■ **Your task**
Your response should consist solely of the lines from the one containing "this 1732×1155 image." through the end of the data, copied exactly.

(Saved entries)
* * *

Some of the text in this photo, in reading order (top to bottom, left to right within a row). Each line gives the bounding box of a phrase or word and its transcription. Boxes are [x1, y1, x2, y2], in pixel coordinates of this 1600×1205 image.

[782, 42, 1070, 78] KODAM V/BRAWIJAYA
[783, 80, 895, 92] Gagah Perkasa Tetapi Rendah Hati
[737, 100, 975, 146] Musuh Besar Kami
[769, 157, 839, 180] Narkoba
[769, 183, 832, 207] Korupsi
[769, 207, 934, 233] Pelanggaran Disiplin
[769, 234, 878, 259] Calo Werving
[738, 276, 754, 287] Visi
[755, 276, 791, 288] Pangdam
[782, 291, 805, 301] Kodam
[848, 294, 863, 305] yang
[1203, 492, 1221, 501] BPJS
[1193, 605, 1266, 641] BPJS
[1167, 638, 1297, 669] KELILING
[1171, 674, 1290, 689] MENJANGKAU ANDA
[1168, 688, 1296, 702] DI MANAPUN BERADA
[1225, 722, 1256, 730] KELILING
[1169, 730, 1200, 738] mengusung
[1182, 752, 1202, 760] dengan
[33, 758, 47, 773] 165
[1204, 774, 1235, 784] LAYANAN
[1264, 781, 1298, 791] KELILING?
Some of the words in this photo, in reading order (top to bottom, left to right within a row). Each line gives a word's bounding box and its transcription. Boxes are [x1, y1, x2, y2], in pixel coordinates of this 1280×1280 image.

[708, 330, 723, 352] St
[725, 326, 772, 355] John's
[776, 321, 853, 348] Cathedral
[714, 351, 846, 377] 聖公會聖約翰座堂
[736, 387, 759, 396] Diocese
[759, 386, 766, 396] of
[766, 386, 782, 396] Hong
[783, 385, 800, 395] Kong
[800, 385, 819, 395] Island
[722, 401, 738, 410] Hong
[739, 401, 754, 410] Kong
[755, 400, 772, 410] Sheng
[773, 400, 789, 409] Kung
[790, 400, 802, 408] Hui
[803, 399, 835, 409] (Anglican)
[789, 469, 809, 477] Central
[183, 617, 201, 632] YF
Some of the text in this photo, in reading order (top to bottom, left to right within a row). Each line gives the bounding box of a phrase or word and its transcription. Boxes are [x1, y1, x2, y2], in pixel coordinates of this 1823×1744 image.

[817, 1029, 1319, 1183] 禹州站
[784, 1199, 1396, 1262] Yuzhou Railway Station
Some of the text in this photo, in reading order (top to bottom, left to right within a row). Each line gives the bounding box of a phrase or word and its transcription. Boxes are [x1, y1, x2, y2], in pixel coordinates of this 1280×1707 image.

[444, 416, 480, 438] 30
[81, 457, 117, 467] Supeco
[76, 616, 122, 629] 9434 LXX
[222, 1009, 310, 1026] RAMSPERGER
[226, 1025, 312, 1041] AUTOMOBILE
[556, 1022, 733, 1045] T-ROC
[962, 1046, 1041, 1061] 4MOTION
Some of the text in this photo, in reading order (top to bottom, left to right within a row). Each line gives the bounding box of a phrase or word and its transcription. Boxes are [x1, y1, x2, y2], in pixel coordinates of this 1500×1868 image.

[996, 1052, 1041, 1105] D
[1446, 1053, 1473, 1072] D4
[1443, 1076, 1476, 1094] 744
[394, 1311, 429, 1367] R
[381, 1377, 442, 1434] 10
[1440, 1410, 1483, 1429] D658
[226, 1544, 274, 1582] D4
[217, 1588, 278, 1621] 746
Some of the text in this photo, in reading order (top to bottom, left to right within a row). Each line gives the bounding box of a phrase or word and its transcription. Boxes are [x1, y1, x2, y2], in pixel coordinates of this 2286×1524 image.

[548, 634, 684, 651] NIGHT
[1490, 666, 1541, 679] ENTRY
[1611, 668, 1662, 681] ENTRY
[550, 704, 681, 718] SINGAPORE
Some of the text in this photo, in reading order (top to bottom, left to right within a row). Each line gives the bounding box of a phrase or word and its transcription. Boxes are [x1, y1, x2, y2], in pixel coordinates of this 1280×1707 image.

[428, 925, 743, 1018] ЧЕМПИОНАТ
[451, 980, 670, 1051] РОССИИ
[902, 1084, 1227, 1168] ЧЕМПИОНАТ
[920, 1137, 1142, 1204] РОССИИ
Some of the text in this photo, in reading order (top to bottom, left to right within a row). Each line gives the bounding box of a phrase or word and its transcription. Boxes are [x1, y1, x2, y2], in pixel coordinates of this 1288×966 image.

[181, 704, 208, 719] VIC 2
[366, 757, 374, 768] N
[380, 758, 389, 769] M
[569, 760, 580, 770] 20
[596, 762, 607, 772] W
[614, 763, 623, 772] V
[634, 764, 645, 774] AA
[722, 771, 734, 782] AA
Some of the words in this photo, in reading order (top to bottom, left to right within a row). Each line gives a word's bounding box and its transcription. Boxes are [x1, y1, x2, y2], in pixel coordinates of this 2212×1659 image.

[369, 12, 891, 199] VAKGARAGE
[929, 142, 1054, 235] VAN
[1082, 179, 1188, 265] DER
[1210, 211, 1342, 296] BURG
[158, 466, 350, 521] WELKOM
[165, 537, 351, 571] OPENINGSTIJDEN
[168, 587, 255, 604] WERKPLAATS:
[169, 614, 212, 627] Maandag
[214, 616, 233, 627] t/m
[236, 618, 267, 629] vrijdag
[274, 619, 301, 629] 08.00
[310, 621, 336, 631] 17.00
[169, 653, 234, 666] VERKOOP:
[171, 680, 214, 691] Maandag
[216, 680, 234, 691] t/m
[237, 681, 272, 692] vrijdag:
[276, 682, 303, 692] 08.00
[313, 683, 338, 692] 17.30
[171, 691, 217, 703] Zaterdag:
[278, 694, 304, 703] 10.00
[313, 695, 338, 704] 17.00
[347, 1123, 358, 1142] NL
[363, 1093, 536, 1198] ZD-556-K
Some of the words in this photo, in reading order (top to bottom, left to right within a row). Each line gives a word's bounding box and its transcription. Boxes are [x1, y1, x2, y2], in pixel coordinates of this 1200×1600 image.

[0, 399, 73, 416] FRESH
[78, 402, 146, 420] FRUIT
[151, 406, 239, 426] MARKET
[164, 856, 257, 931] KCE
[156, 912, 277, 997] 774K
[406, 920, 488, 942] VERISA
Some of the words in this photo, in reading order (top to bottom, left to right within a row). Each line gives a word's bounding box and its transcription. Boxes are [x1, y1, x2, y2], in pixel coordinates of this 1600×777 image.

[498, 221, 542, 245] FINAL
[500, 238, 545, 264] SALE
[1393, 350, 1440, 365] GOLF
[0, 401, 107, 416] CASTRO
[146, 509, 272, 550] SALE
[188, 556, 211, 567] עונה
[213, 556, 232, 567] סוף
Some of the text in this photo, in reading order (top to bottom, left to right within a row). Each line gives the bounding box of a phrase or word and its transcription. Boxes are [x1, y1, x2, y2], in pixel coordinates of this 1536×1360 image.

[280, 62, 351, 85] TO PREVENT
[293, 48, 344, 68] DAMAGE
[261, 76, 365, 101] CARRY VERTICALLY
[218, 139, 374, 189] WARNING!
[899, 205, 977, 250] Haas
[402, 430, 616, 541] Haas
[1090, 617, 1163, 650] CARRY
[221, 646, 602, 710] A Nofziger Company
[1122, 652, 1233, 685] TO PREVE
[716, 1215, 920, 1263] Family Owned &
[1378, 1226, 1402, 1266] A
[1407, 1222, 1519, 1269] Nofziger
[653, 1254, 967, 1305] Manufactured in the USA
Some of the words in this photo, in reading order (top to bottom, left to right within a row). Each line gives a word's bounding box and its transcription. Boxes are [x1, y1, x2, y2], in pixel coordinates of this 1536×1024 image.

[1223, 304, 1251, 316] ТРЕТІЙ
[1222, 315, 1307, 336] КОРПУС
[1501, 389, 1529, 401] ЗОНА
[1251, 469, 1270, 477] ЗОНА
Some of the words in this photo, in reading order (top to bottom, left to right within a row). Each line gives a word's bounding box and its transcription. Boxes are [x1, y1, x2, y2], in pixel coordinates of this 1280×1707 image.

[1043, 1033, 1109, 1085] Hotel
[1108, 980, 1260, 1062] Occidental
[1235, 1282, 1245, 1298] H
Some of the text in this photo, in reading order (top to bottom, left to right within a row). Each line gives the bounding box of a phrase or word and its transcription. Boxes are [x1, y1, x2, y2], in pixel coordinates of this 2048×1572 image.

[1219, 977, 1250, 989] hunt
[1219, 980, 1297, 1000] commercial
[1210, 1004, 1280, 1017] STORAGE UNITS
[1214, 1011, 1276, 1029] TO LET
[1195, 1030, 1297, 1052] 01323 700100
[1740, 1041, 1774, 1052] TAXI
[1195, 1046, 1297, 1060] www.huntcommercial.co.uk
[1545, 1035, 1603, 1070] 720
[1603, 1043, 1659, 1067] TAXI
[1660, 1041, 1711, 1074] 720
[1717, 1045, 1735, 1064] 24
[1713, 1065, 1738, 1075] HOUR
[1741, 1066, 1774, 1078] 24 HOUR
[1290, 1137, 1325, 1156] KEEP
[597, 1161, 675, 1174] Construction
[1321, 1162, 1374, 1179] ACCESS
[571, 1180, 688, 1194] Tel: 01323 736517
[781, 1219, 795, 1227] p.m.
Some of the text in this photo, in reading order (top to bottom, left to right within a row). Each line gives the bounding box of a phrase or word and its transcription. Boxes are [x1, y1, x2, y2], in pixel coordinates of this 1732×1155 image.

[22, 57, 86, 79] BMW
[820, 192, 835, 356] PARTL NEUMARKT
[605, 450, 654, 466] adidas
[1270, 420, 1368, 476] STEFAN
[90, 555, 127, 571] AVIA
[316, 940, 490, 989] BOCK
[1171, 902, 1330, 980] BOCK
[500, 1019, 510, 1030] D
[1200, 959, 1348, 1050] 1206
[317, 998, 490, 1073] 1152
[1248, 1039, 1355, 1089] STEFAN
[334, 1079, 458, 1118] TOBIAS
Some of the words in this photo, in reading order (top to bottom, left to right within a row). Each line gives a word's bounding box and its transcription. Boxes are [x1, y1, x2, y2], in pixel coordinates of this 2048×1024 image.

* * *

■ **Problem solution**
Some of the text in this photo, in reading order (top to bottom, left to right within a row). Each line gives the bounding box of a phrase or word and its transcription. Boxes are [x1, y1, x2, y2], in pixel coordinates of this 1732×1155 image.

[22, 57, 86, 79] BMW
[820, 192, 835, 356] PARTL NEUMARKT
[605, 450, 654, 466] adidas
[1270, 420, 1368, 476] STEFAN
[90, 555, 127, 571] AVIA
[316, 940, 490, 989] BOCK
[1171, 902, 1330, 980] BOCK
[500, 1019, 510, 1030] D
[1200, 959, 1348, 1050] 1206
[317, 998, 490, 1073] 1152
[1248, 1039, 1355, 1089] STEFAN
[334, 1079, 458, 1118] TOBIAS
Some of the words in this photo, in reading order (top to bottom, left to right within a row). Each line gives a word's bounding box and its transcription. Boxes are [x1, y1, x2, y2], in pixel coordinates of this 2048×1024 image.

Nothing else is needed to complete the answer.